Sotto un’apparente esagerazione dialettica, dovrebbe starci (e non sempre ci sta) un desiderio autentico di sentirsi meridionali, (alla stessa stregua del volersi sentire italiani o europei) per riscoprire ed appropriarci veramente della Storia, dell’Arte e della Cultura sino in fondo. Ecco perciò che dovrebbe starci la Ricerca e Conoscenza di Radici diverse e spesso “esclusive” come la ricchezza della propria Comprensibile “voglia di passato” senza forzarne un aspetto per adattarlo a un vuoto desiderio del presente privo di alcun riferimento.
La costruzione della minorità del Mezzogiorno, secondo Marco Paolini «trasforma la storia in geografia» e che la latitudine misuri il valore degli uomini, delle loro azioni, dei loro diritti è certo un valore, dal quale non possiamo prescindere.
Dunque proprio quando «Le identità plurali sono percepite dai nazionalismi come altrettante minacce» come scriveva Predrag Matvejevic ́ -che ci spiegava che è proprio nelle «nazioni venute tardi»,
come l’Italia, che «queste malattie di identità» colpiscono più facilmente – c’è più bisogno di riscoprire Radici e NON di armarle nella forbice del razzismo che gioca ad escludere e non ad avvicinarci.

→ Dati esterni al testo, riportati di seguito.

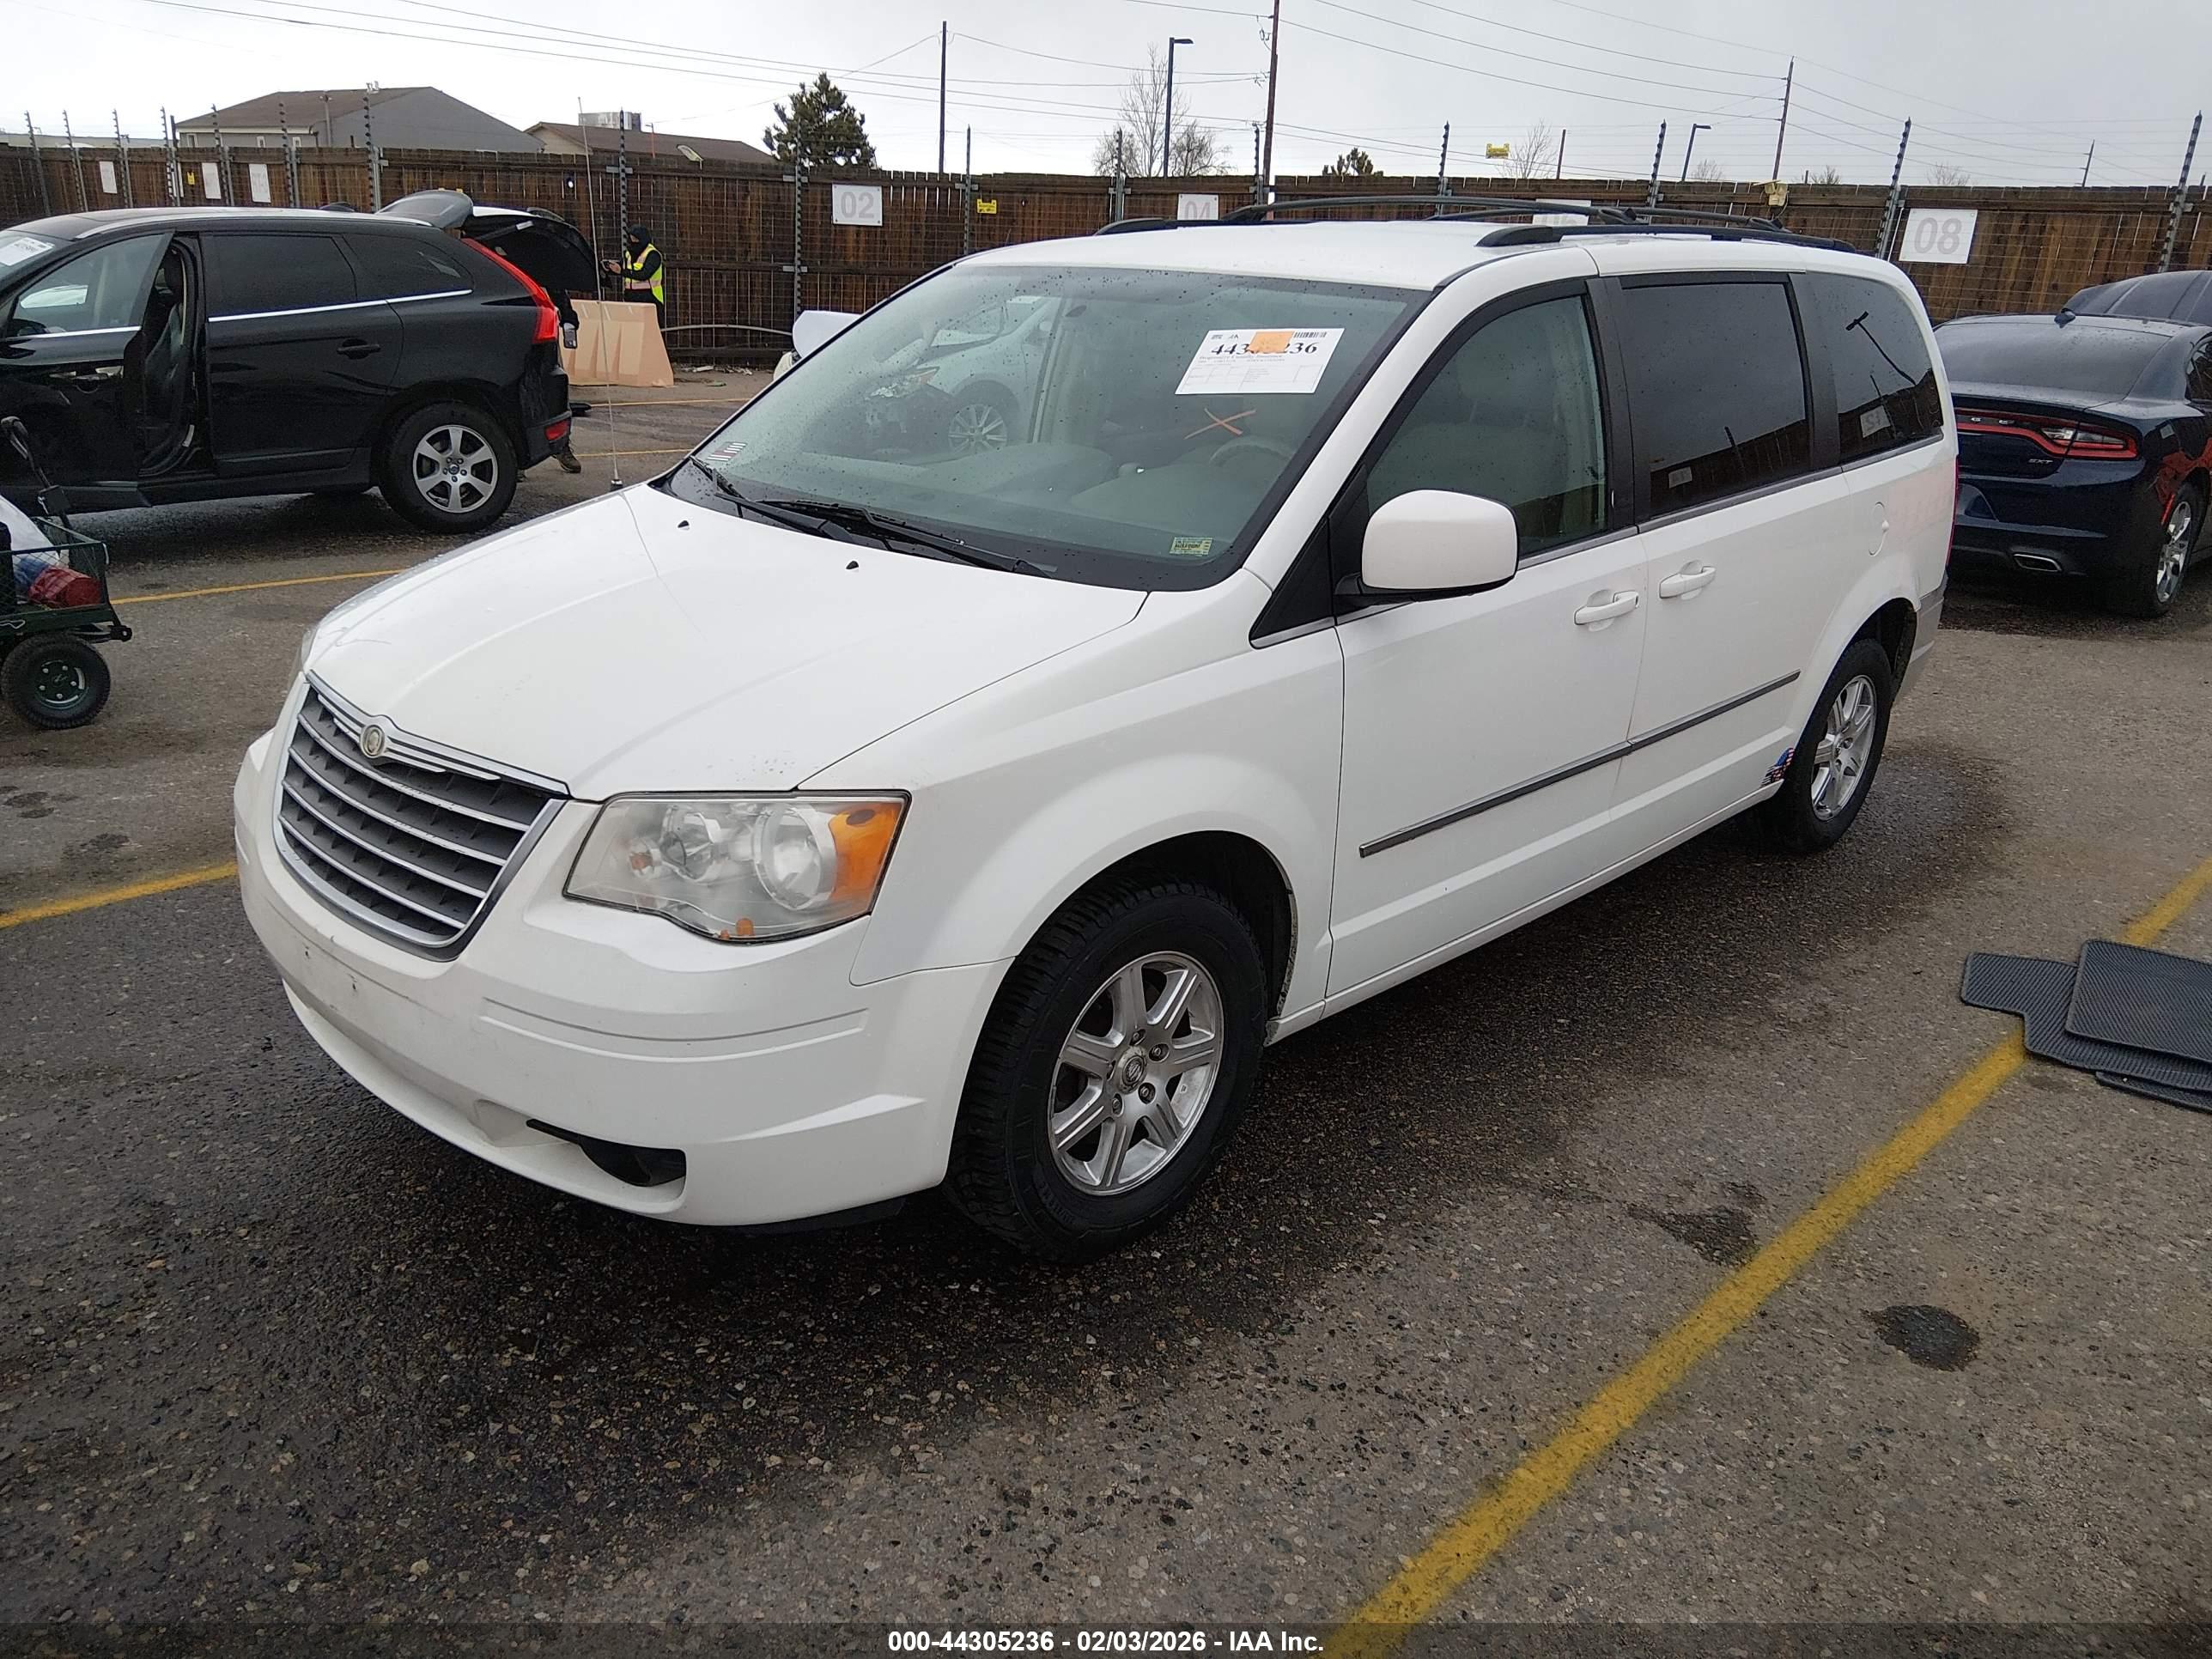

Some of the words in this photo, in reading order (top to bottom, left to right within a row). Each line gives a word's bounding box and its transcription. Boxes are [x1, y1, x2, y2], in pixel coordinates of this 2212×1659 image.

[840, 191, 874, 218] 02
[1914, 217, 1962, 254] 08
[1211, 342, 1320, 356] 44336

La tardiva scoperta di essere meridionali ha rivelato un assurdo: i meridionali traggono il nome da quel che gli manca profondamente di più: il Sud stesso, quello cioè che porta con sé un’idea di gioia e di nostalgia, la prima data dal clima, dalla natura; la seconda (come accade, a volte, dopo un’amputazione) viene dal dolore per così dire “dell’arto fantasma” quello cioè che fa male anche che non c’è: perché è una negazione pesante, che a vario titolo tutti concorriamo a determinare.